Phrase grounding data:
○ ○ ○ ○ ○

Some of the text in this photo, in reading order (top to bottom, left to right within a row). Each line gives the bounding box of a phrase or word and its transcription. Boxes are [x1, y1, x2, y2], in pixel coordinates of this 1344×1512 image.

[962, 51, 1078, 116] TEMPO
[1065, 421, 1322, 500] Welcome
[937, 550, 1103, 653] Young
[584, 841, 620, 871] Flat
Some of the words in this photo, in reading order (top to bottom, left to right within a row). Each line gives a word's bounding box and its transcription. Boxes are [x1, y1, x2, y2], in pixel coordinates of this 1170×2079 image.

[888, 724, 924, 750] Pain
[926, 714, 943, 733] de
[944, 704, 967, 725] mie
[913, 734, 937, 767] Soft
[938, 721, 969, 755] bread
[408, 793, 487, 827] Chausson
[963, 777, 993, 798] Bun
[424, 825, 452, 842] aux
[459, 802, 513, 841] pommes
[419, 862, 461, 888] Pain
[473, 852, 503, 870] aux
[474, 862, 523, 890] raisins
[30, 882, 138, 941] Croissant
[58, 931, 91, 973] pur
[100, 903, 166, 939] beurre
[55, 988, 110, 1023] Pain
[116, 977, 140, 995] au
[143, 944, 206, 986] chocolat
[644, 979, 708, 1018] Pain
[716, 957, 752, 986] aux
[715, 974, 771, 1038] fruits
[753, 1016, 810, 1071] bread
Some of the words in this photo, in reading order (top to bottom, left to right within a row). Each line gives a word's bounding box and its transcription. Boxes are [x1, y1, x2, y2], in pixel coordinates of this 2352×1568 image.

○ ○ ○ ○ ○

WHAT THE EXERCISE ASKS:
Print out the data exactly once more.

RESULT:
Some of the text in this photo, in reading order (top to bottom, left to right within a row). Each line gives the bounding box of a phrase or word and its transcription. Boxes are [x1, y1, x2, y2], in pixel coordinates of this 1344×1512 image.

[962, 51, 1078, 116] TEMPO
[1065, 421, 1322, 500] Welcome
[937, 550, 1103, 653] Young
[584, 841, 620, 871] Flat
Some of the words in this photo, in reading order (top to bottom, left to right within a row). Each line gives a word's bounding box and its transcription. Boxes are [x1, y1, x2, y2], in pixel coordinates of this 1170×2079 image.

[888, 724, 924, 750] Pain
[926, 714, 943, 733] de
[944, 704, 967, 725] mie
[913, 734, 937, 767] Soft
[938, 721, 969, 755] bread
[408, 793, 487, 827] Chausson
[963, 777, 993, 798] Bun
[424, 825, 452, 842] aux
[459, 802, 513, 841] pommes
[419, 862, 461, 888] Pain
[473, 852, 503, 870] aux
[474, 862, 523, 890] raisins
[30, 882, 138, 941] Croissant
[58, 931, 91, 973] pur
[100, 903, 166, 939] beurre
[55, 988, 110, 1023] Pain
[116, 977, 140, 995] au
[143, 944, 206, 986] chocolat
[644, 979, 708, 1018] Pain
[716, 957, 752, 986] aux
[715, 974, 771, 1038] fruits
[753, 1016, 810, 1071] bread
Some of the words in this photo, in reading order (top to bottom, left to right within a row). Each line gives a word's bounding box and its transcription. Boxes are [x1, y1, x2, y2], in pixel coordinates of this 2352×1568 image.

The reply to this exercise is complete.